Just a heads up that this originally was posted by me on a different site back on Feb 9th 2015
Last night was a first for me. A first in which I was completely unprepared for a part of the service. Let me explain. Bringing the Word, for me, is a process that comes with much work. Working through the text, working through my own thoughts, working through commentaries from other men and women who have gone before me…and prayer. And so to “bring the Word” is not something that is taken lightly. Much goes into it. Hours upon hours of work and toil. And I do my best, while guided by the Holy Spirit, to be present in the moment and to be led by Him.
This brings us to last night – and our Ash Wednesday service. The topic for this “movement” of the service was on “Renewal” and how we cannot live lives with one foot in the secular world and one foot in God’s kingdom. We cannot seek our own desires and His at the same time. And the text for the day was Psalm 51:1-17…but unfortunately I had spent my research and writings NOT in this Psalm (in Isaiah). And of course I did not realize this until I was standing up front and preaching on Renewal. After a good 10 seconds (that felt like 10 mins) I realized my error, grabbed a Bible and read the Psalm and then “winged it” from there. To say the least I felt awkward and embarrassed. I also felt that I cheated the congregation out of what could have been a very meaningful message on renewal.
But I learned a few things outside of just double-checking my texts from now on.
1) I was reminded (and hopefully reminded those at the service) that pastors are not perfect. We make mistakes. Every day. No sermon on Sunday has ever gone “perfectly” from my point-of-view…and that’s OK.
2) People extended me grace in that moment and just simply waited for me. I need to remember this…constantly. Because I am harder on myself than I probably need to be.
3) The point was still made…even if I had to “wing-it”. I knew where the Spirit was leading me on this topic and while I was not able to dig into the text and pull out “renewal” instances from the Psalm…I still spoke on renewal and allowed the Spirit to wander where He desired to go.
4) Nobody said anything after the service.
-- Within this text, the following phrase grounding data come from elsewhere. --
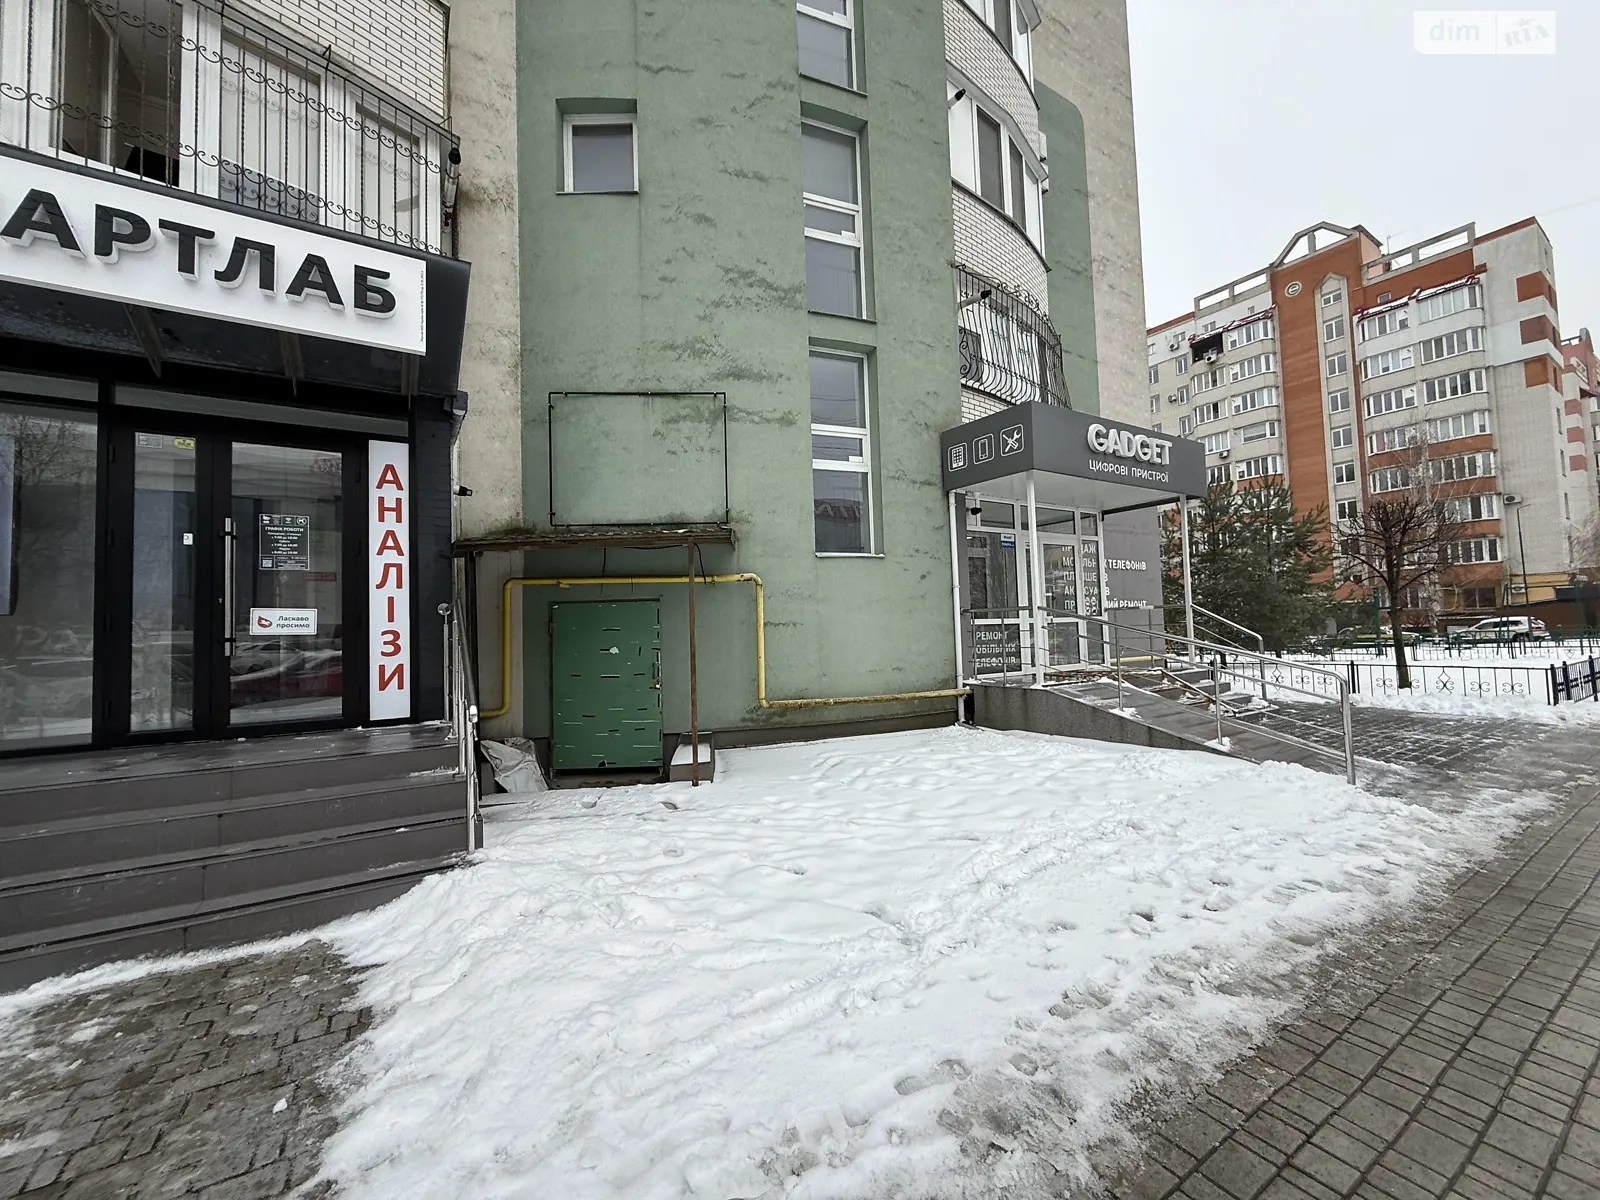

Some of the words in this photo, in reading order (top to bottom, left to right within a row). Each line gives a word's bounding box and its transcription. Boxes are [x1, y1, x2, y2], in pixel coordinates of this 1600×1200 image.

[0, 187, 398, 318] АРТЛАБ
[1087, 423, 1173, 465] GADGET
[1089, 459, 1128, 476] ЦИФРОВІ
[1131, 467, 1169, 483] ПРИСТРОЇ
[375, 463, 405, 693] АНАЛІЗИ
[1107, 558, 1147, 571] ТЕЛЕФОНІВ
Sure there were conversations about it…but I brought it up. Maybe they were embarrassed for me, maybe they knew that I obviously was fully aware of the issue (thus not wanting to make me feel worse), but in their grace and love for me they didn’t hold it against me. There were no jabs at my error. There were no snickers and awkward stares and comments. People commented on how lovely and “good” the service was. I needed that.
5) This probably won’t be the last time I mess up. So I need to move on! Learn your lesson and just keep swimming…just keep swimming….
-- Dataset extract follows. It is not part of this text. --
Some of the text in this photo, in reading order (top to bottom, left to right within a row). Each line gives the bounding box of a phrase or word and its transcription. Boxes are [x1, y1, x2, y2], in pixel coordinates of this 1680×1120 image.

Life is full of mistakes. We constantly open up our mouths when we should have opened our ears instead. We try to be courteous and nice to people but find that our words fall short and flat. We fail to fully prepare for something we know is coming up….and sometimes we also write a nice sermon for the wrong text.
Paul, in his letter to the church in Corinth (1 Cor 2:1-5) knew he had an issue…and that issue was that sometimes he made mistakes. Paul says that when he came to them he didn’t come with “eloquence or human wisdom”. He didn’t come with strength and a vibrant voice…or a confidence in what he was doing that would put all others to shame. He says that his message and preaching were not “wise and persuasive” at times either. In fact, the only thing he “proclaimed” was Jesus Christ and Him crucified. Paul came with the demonstration of the Spirit’s power and not so that he be lifted up but so God would be lifted up. Paul understood that he was human. He understood that the only constant thing in life is God and his power. The only hope is not in human words but in God’s power and His Spirit. The only thing that matters in life is Jesus Christ. And when Paul preached he knew that he would mess up…but that the Spirit was true and good and doing things throughout his faltering words.
Did I mess up? Yup…pretty badly in my eyes.
Was Christ preached? Yup.
Did I have to give up all “control” in that moment? You bet! I was utterly lost but knew (later on) that the Spirit was going to use this moment and share what He felt the moment needed.
Maybe it’s fitting that in the text I PLANNED on sharing (Isa 58:1-12) Isaiah speaks of how we are to treat each other the way we desire to be treated…with love and respect. And that is exactly how I was treated last night. Loved and respected.